» **WORK INSTRUCTIONS**:
Would you return the listing exactly as written, apart from its pictures?

» **SOURCE DATA**:
--

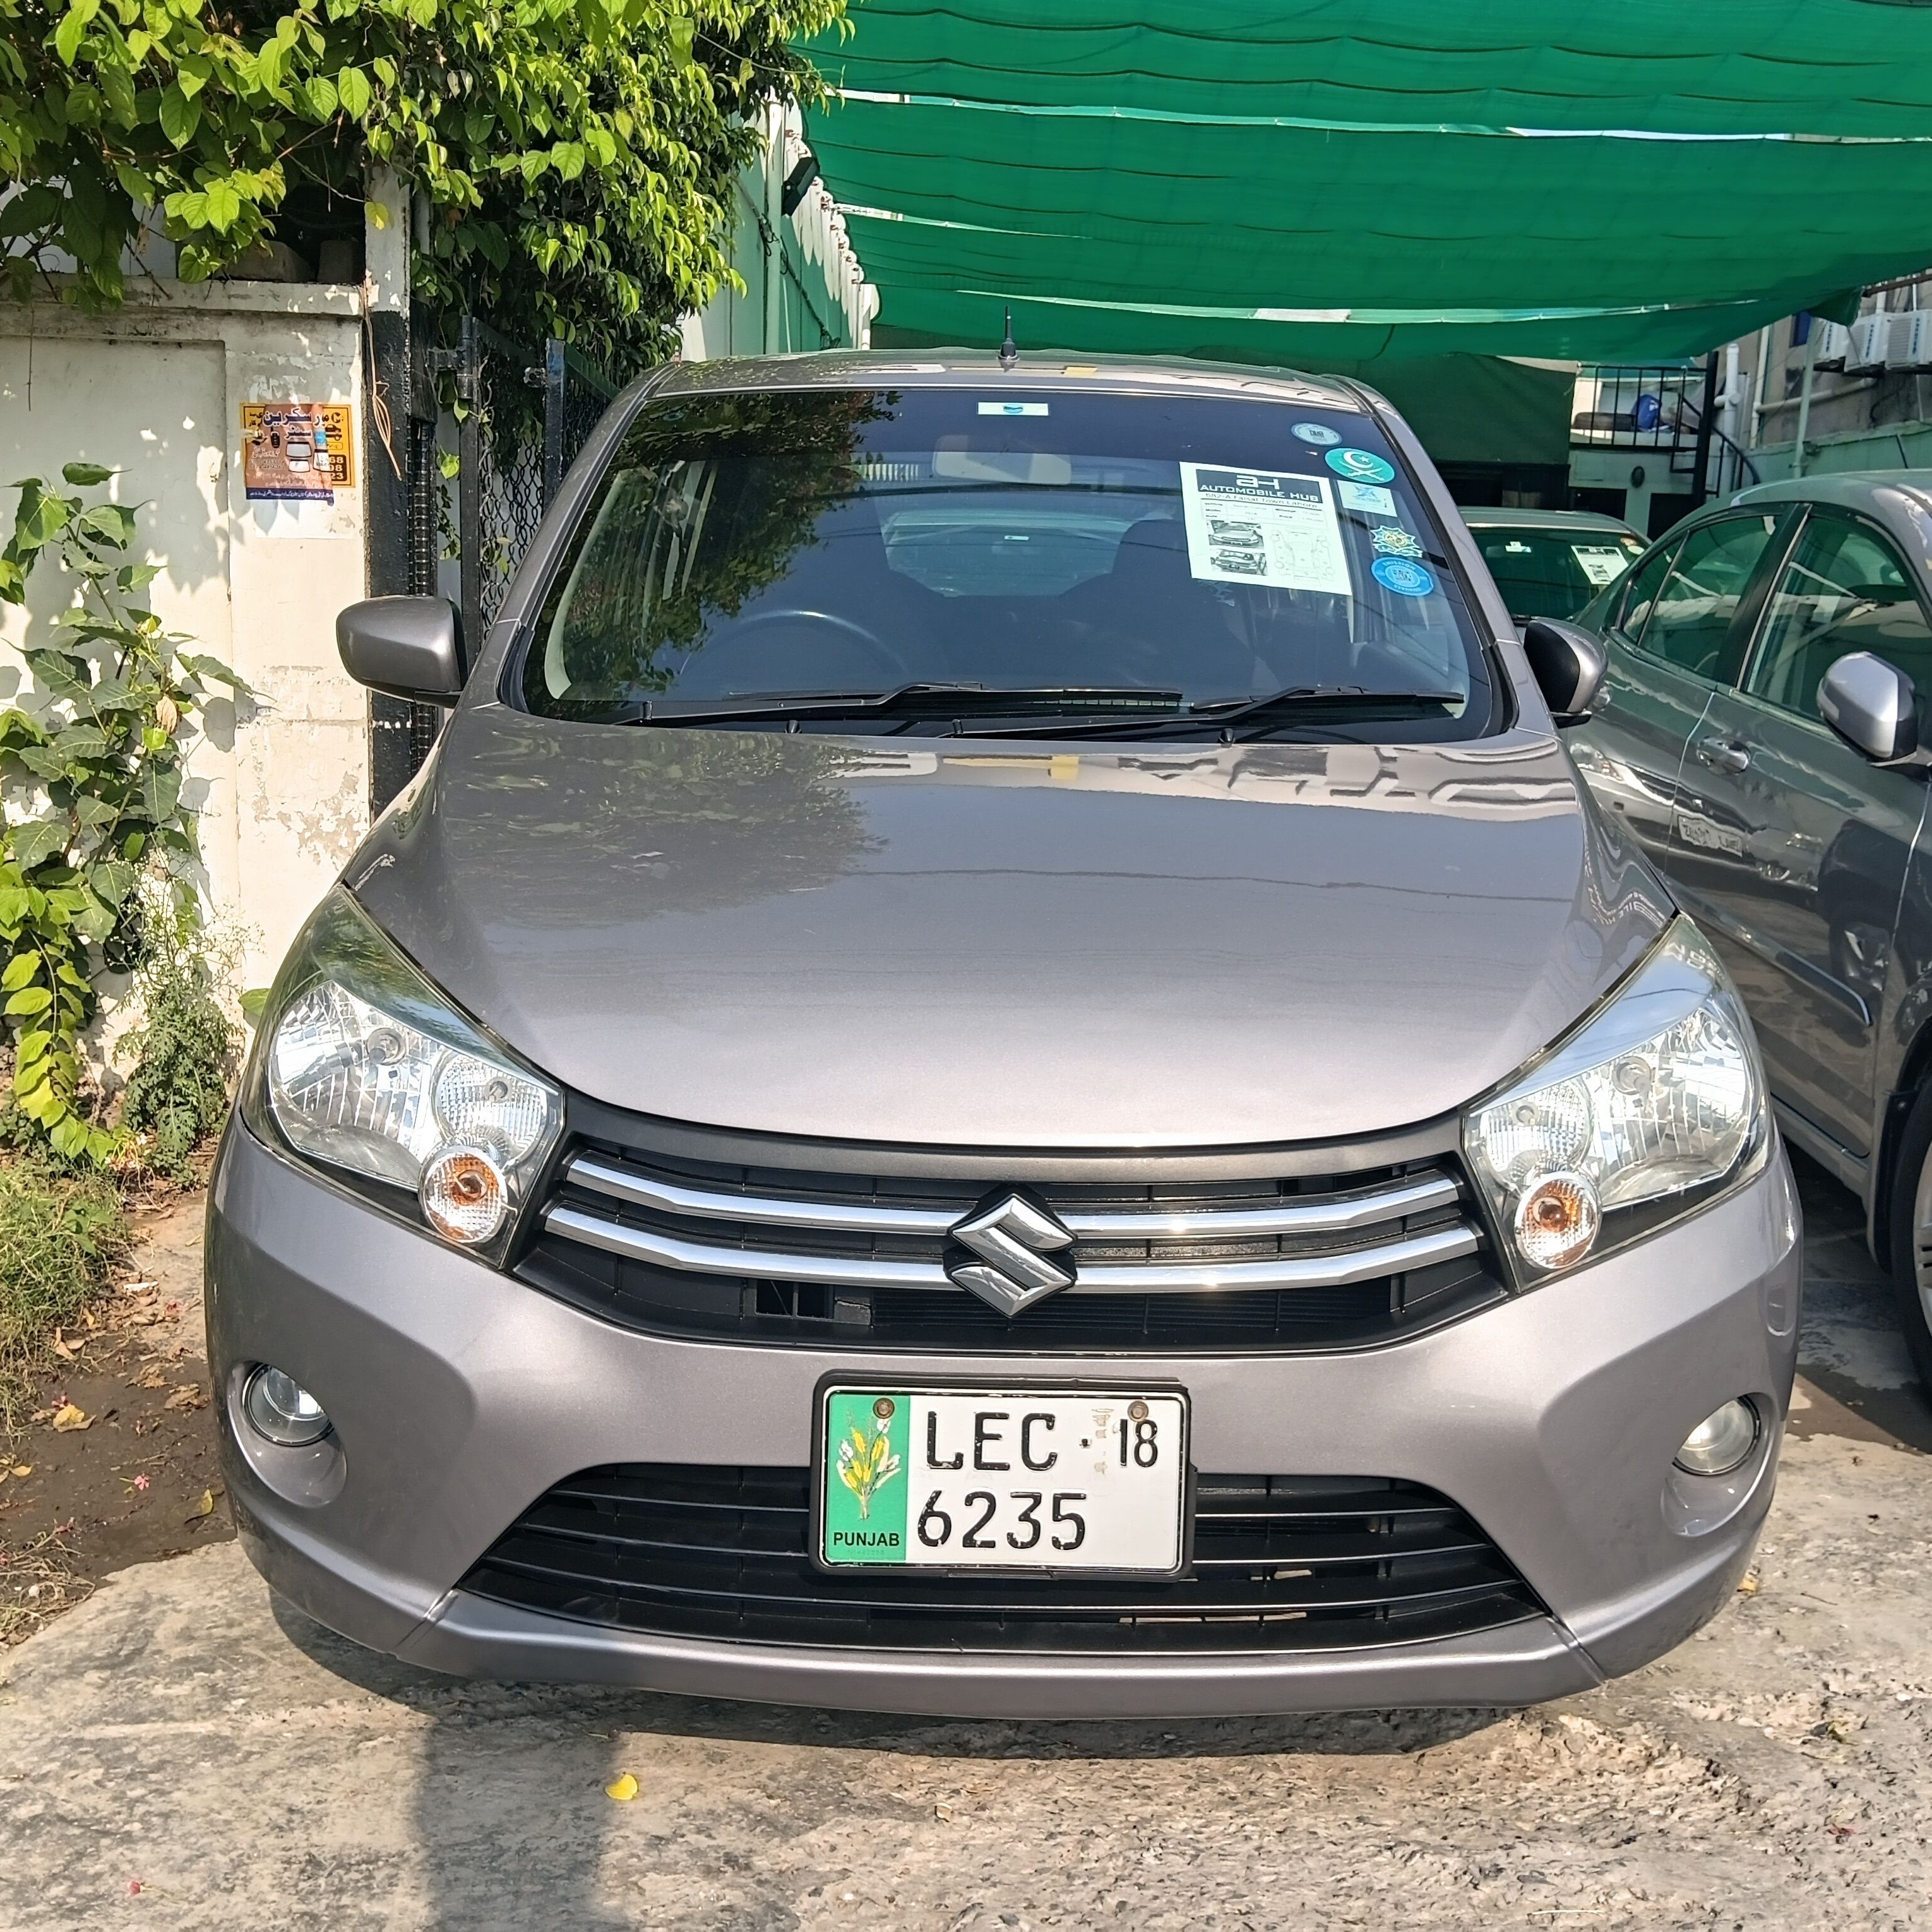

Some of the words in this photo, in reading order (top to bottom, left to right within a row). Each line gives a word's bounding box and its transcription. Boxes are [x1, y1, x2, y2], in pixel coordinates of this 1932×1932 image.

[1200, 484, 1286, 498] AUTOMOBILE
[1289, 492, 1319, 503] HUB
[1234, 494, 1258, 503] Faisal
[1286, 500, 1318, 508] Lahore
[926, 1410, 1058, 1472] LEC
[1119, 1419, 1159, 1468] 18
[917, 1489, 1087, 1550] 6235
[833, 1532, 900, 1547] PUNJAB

--

» **RESPONSE AREA**:
Some of the words in this photo, in reading order (top to bottom, left to right within a row). Each line gives a word's bounding box and its transcription. Boxes are [x1, y1, x2, y2], in pixel coordinates of this 1932×1932 image.

[1200, 484, 1286, 498] AUTOMOBILE
[1289, 492, 1319, 503] HUB
[1234, 494, 1258, 503] Faisal
[1286, 500, 1318, 508] Lahore
[926, 1410, 1058, 1472] LEC
[1119, 1419, 1159, 1468] 18
[917, 1489, 1087, 1550] 6235
[833, 1532, 900, 1547] PUNJAB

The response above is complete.